Analyzing Shorting Opportunities
Shorting opportunities, if realized early, can be a smart way to profit from a cryptocurrency crash. To identify opportunities, it becomes essential to understand the market dynamics. Some situations that can influence bitcoin prices are mentioned under:
|Based on Past Occasions||Anticipated Events||Events having a small impact on the cost|
|Failure of major exchanges. Increased hard fork danger levels||Hostile activities by the government against cryptos||Hostile proclamations from different financial analysts, lawmakers, writers, etc. Disappointments across darknet markets like Silk Street or Alpha Bay|
Short Trading Strategies
For Bitcoins (BTC)
- Tax management
Short Trading can lower Tax bills. In case of capital misfortunes shorting can help to cancel out the taxable pick up. This becomes more valuable in the case of short-term capital gains.
By taking long and short positions across diversified cryptocurrencies say long on Bitcoin and short on Ethereum a trader can secure his investments against specific market forces that affect the crypto ecosystems.
- Continuous Trading
The shorting approach allows traders to continue trading in all conditions. As opposed to the hold strategy, even if the rates are expected to fall, the traders can increase their income through shorting. While this sounds like an easy way to profit from a cryptocurrency crash, it requires high levels of concentration and stamina.
|Altcoins||Ethereum (ETH)||Litecoins (LTC)|
|Shorting of Altcoins indicates a decline in price.
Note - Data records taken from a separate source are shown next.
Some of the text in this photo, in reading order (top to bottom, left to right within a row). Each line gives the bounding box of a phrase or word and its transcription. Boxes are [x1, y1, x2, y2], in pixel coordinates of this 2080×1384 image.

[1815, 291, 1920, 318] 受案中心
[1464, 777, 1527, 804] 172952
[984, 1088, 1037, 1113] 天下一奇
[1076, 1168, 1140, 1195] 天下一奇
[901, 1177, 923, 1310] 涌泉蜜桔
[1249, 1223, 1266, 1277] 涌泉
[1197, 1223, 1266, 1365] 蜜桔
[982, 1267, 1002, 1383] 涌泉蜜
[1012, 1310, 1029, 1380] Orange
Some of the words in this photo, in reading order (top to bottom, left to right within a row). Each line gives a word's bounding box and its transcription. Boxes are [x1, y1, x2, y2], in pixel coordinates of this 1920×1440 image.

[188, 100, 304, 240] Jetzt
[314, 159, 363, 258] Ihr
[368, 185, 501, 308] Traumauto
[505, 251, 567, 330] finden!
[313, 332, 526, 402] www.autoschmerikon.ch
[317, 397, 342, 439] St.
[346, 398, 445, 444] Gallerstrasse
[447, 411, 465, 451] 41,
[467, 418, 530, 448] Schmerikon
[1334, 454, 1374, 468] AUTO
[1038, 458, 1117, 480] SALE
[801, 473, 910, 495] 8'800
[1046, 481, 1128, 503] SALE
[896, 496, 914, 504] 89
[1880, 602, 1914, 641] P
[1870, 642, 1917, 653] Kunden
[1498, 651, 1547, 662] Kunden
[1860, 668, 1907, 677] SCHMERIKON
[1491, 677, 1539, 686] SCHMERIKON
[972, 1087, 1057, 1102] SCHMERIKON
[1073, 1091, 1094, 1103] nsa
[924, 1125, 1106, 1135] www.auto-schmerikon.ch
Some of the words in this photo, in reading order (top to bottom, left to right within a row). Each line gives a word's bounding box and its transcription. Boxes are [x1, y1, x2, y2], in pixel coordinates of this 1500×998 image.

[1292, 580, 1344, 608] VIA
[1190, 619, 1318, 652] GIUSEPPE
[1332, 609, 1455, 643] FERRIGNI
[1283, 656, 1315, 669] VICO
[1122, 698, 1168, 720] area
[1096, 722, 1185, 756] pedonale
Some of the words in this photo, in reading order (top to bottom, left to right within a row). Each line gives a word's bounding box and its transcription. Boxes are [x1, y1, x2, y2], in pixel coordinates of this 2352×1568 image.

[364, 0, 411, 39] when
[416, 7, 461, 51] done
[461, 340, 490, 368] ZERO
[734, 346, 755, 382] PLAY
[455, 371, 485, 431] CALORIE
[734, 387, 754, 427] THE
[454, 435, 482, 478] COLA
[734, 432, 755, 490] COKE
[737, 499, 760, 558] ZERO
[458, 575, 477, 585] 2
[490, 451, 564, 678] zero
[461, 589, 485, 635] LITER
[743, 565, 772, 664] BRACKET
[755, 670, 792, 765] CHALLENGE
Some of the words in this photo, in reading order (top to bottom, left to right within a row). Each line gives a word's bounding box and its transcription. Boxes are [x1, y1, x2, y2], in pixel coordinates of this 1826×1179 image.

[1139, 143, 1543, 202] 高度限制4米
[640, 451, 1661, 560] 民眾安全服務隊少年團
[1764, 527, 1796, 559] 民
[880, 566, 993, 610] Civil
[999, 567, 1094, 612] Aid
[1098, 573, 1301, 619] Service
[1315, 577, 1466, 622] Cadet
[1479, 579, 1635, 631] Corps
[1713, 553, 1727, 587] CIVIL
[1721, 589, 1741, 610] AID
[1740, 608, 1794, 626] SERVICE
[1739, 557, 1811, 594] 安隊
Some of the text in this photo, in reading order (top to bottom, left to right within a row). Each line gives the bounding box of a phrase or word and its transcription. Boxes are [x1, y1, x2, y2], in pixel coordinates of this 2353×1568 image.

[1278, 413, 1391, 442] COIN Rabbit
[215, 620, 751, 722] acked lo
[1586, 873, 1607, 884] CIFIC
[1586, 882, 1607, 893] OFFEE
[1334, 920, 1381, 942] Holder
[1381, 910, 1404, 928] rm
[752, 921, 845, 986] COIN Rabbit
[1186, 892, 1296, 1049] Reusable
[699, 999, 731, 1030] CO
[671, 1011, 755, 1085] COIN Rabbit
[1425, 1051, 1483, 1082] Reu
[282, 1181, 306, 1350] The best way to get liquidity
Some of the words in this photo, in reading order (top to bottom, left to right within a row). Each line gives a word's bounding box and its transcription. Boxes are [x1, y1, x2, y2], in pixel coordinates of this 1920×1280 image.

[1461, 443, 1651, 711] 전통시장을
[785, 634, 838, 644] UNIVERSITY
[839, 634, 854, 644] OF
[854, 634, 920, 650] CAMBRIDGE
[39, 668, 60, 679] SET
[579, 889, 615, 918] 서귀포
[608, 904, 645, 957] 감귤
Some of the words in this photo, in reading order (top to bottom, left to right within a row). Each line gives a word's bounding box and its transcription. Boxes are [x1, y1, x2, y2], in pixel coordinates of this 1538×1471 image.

In this approach first the base asset I.e., Altcoin is sold and then repurchased.||ETH forms currency pairs with other cryptocurrencies as well as national currencies like dollars or euros. If a trader feels ETH will fall compared to BTC, they can buy BTC and swap it for ETH after the price drop.||A trader with LTC can pass it off to exchange for CBP and then sell it with a 0.3% charge or else set a cap on purchase and pay 0% exchange fees.|
Short Selling of BTC
In short-selling, the lender markets BTC to investors who are interested in buying them at the market price and expects the market to continue to decline till repayment and repurchasing them at a reduced cost are made.
However, if the trader fails to predict the market movements properly and the market doesn’t fall, then he shall have no profit and will have to repay the money with interest. Similarly, if the fall in price is not as per plan, then also his profit will be much lower as a majority of it will have to be paid as commission.
Different platforms like Kraken, Poloniex, Binance, Bitfinex, Bittrex or Bitmex permit short selling.
Shorting for Beginners
Due to various complications, shorting is not a beginner-friendly crypto strategy. However, if anyone wants to then they can start off with the “calm” coins that have a more predictable rate.
A draft scheme for the beginners shall look like this:
- Choose a well-established coin with proper historical information that the trader can take as a base to study the market dynamics.
- Analyze the change in the value of that coin over the period and the factors that have affected it during times of deep correction.
- Wait for its price to drop on the basis of past factors.
- Use margin trading or buy before the price falls down by properly analyzing the dynamics of the crypto market
- Sell the coins as the price jumps up.
The strategies listed above should help you profit from a cryptocurrency crash if used well. To conclude, the shorting technique is one of the best approaches to profit from a cryptocurrency crash in 2022. However, it is indeed a riskier approach for making money through cryptocurrencies rather than investing for the long term. In favorable market conditions even for the experienced traders, the gain is between 7-10% of the invested amount after paying off all the expenses. Like if someone is confident about the market dynamics, they should enter the market when there is a strong downtrend to book a gain of 7-10%. Moreover, the amount of capital invested also influences the amount of gain.